‘Ndrangheta, sequestrati beni per 650.000 euro nel Reggino

    Destinatari dei provvedimenti sono Domenico e Rocco Nasone, di 49 e 44 anni

    Beni per 650.000 euro sono stati sequestrati dai Carabinieri del comando provinciale Carabinieri di Reggio Calabria ad esponenti del clan Nasone di Scilla (Rc). Destinatari dei provvedimenti sono Domenico e Rocco Nasone, di 49 e 44 anni. Il primo è figlio di Giuseppe Nasone, capo storico dell’omonima cosca egemone in Scilla, ucciso in un agguato di mafia nel settembre del 1987, ed è  legato da strettissimi vincoli di parentela con persone condannate in via definitiva per associazione di tipo mafioso.

    Coinvolto in diversi procedimenti penali, Nasone ha subito pesanti condanne passate in giudicato. E’ stato infatti condannato nell’ambito dell’operazione “Cyrano” per tentata estorsione aggravata e detenzione illegale di armi e munizioni, oltre che successivamente per violazione della misura di prevenzione della sorveglianza speciale applicata nel 1999 per 3 anni. Rocco Nasone e’ stato recentemente coinvolto nelll’operazione “Alba di Scilla” ed e’ stato condannato in primo grado a 12 anni di reclusione in quanto sarebbe appartenente alla costa “Nasone-Gaietti” di Scilla.
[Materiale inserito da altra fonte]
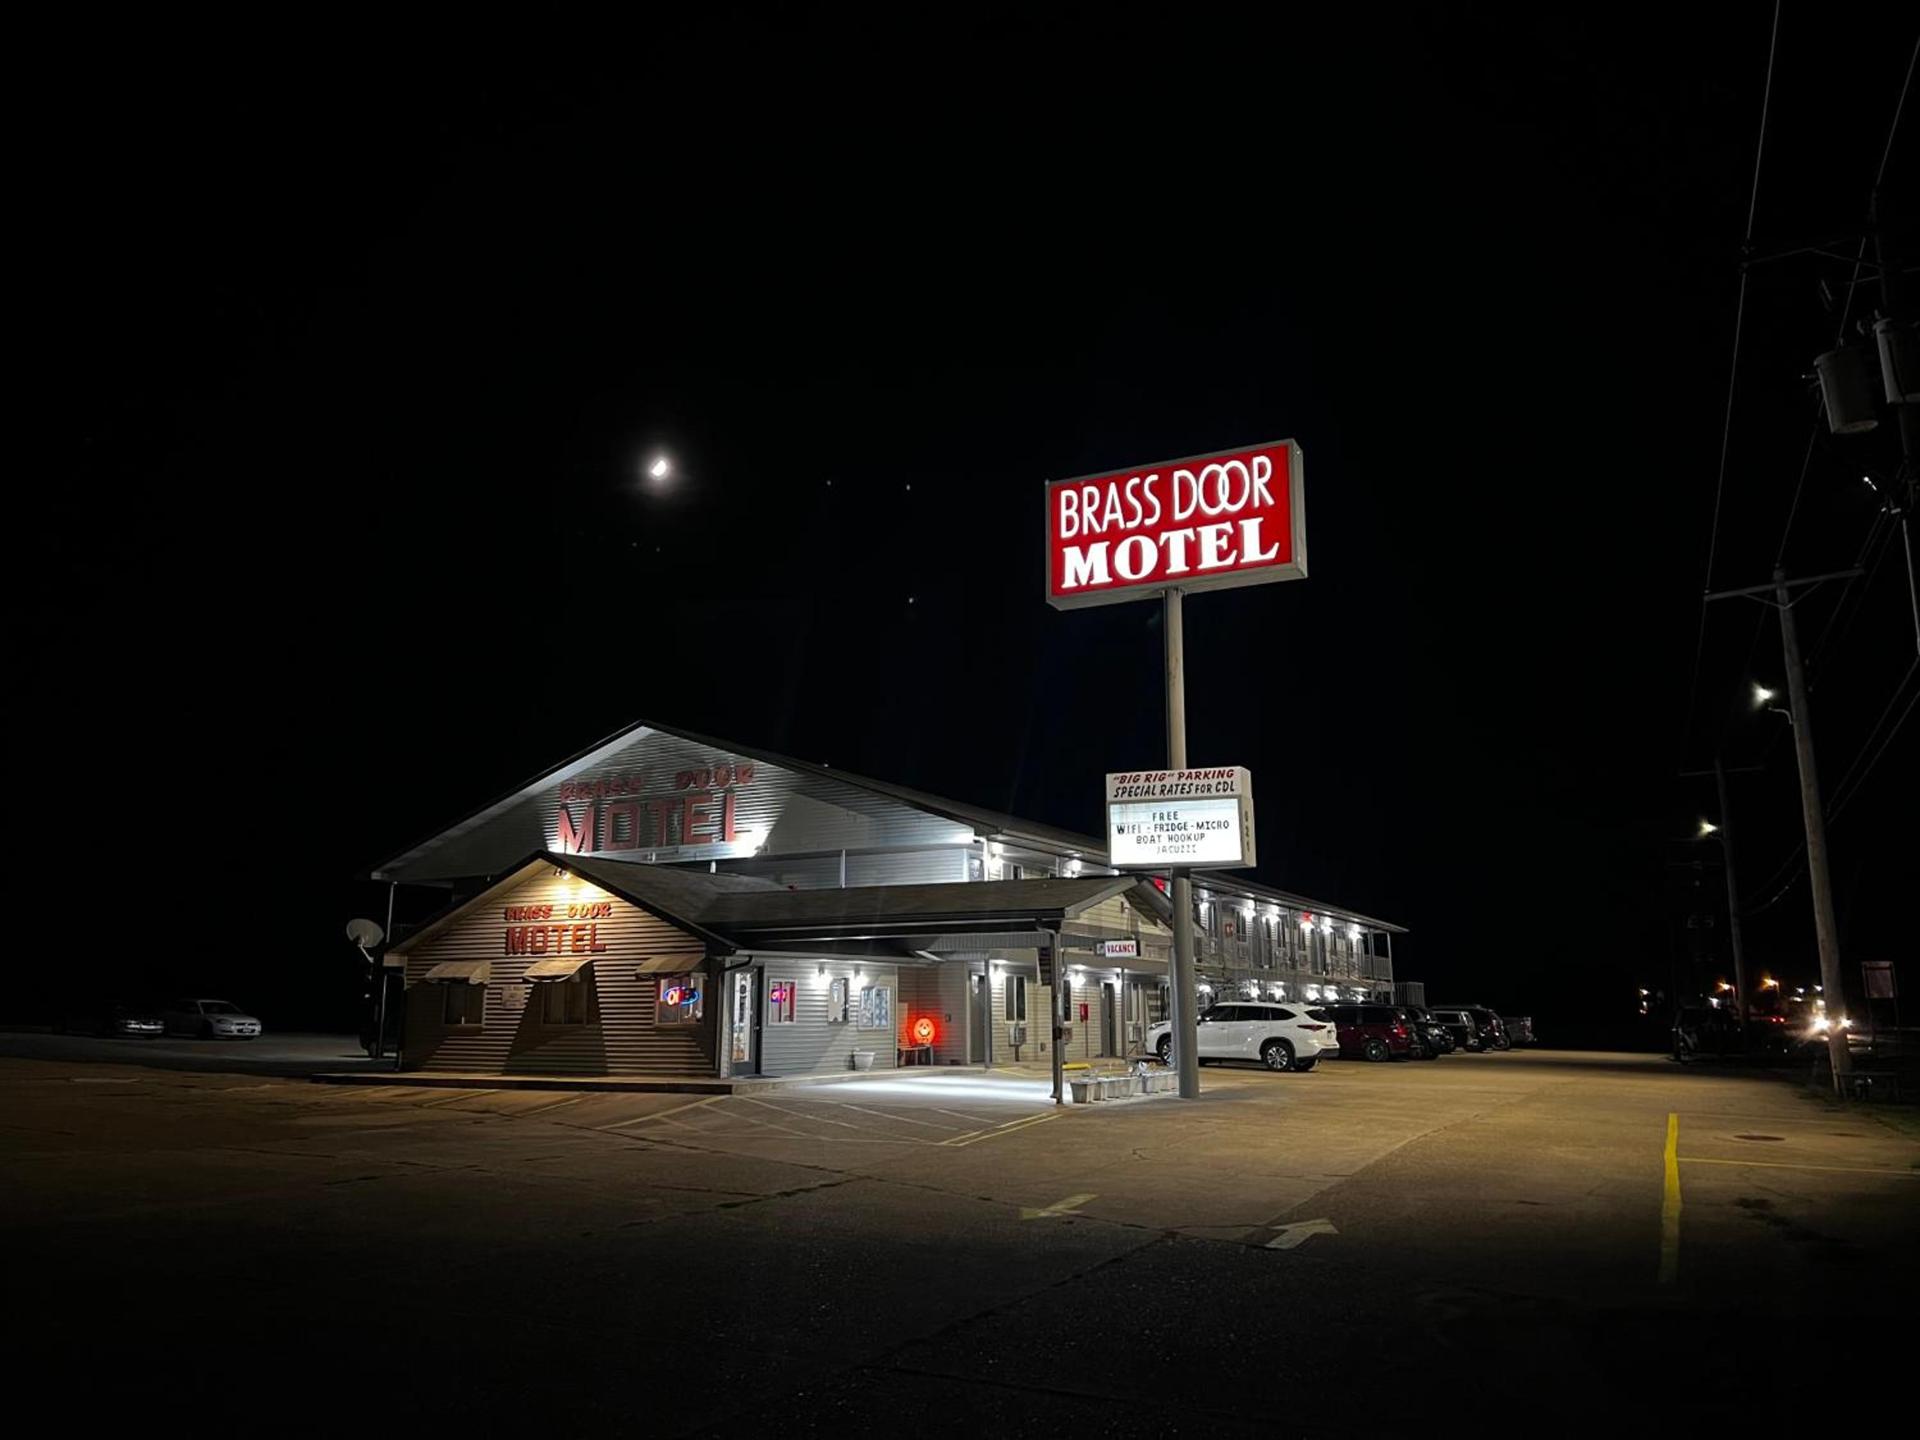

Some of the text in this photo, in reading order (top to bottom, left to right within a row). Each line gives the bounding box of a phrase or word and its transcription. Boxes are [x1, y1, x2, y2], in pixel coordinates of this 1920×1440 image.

[1061, 455, 1275, 538] BRASS DOOR
[1061, 517, 1280, 589] MOTEL
[1177, 769, 1235, 781] PARKING
[1113, 781, 1235, 798] SPECIAL RATES FOR CDL
[1152, 811, 1179, 822] FREE
[1116, 824, 1142, 835] WIFI
[1154, 822, 1188, 833] FRIDGE
[1196, 819, 1230, 830] MICRO
[1136, 833, 1206, 844] BOAT HOOKUP
[505, 923, 606, 955] MOTEL
[1106, 943, 1135, 953] VACANCY
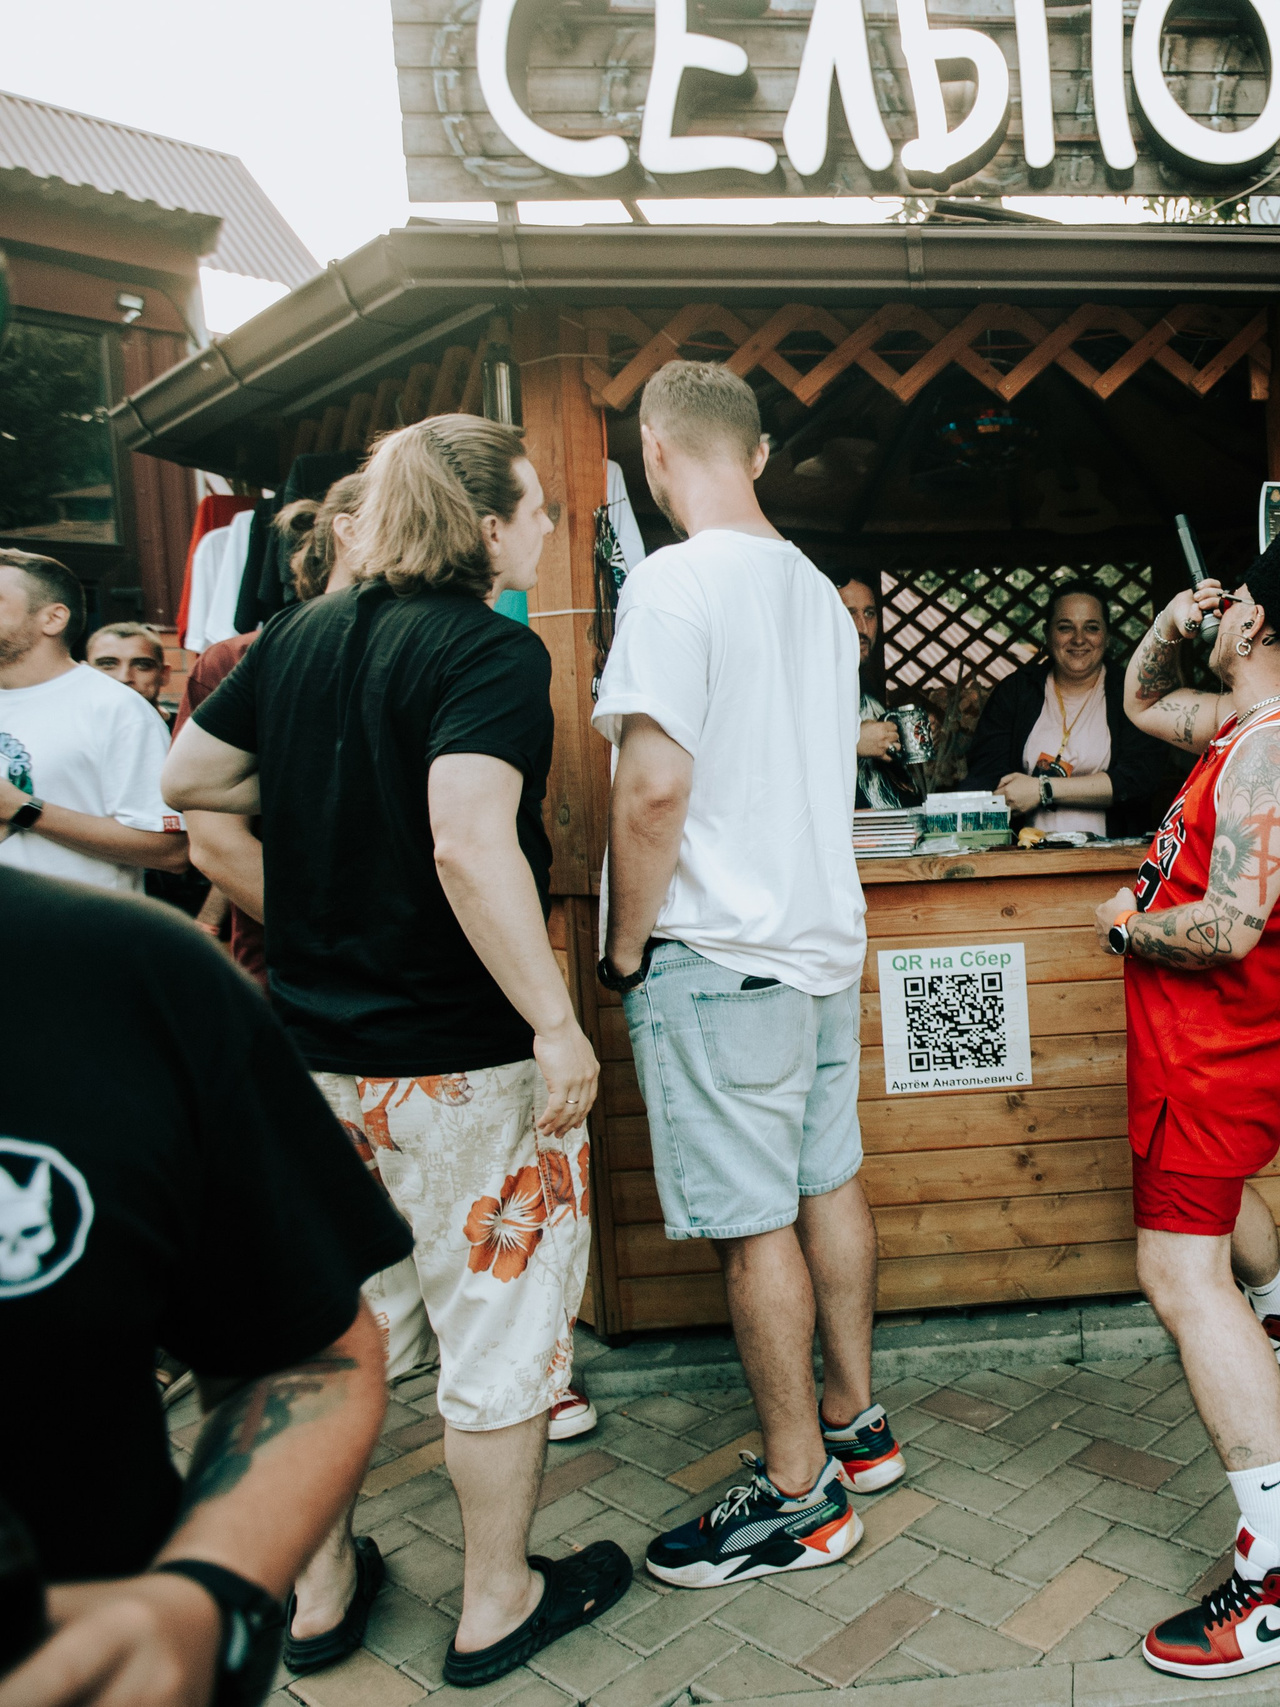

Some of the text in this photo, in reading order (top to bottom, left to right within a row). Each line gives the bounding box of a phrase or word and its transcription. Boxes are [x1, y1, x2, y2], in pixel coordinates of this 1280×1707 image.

[892, 951, 1012, 971] QR на Сбер
[891, 1072, 1028, 1091] Артём Анатольевич С.
    Nello specifico, sono stati sequestrati a Domenico Nasone due abitazioni, due fabbricati adibiti a deposito, conti correnti, libretti di deposito al portatore, contratti di acquisto di titoli di stato, azioni, obbligazioni, certificati di deposito, assicurazioni, società assicurative e società di intermediazione mobiliare per un totale complessivo di 500 mila euro circa. A Rocco Nasone sono stati sequestrati rapporti bancari e polizze assicurative per un totale di 150 mila euro.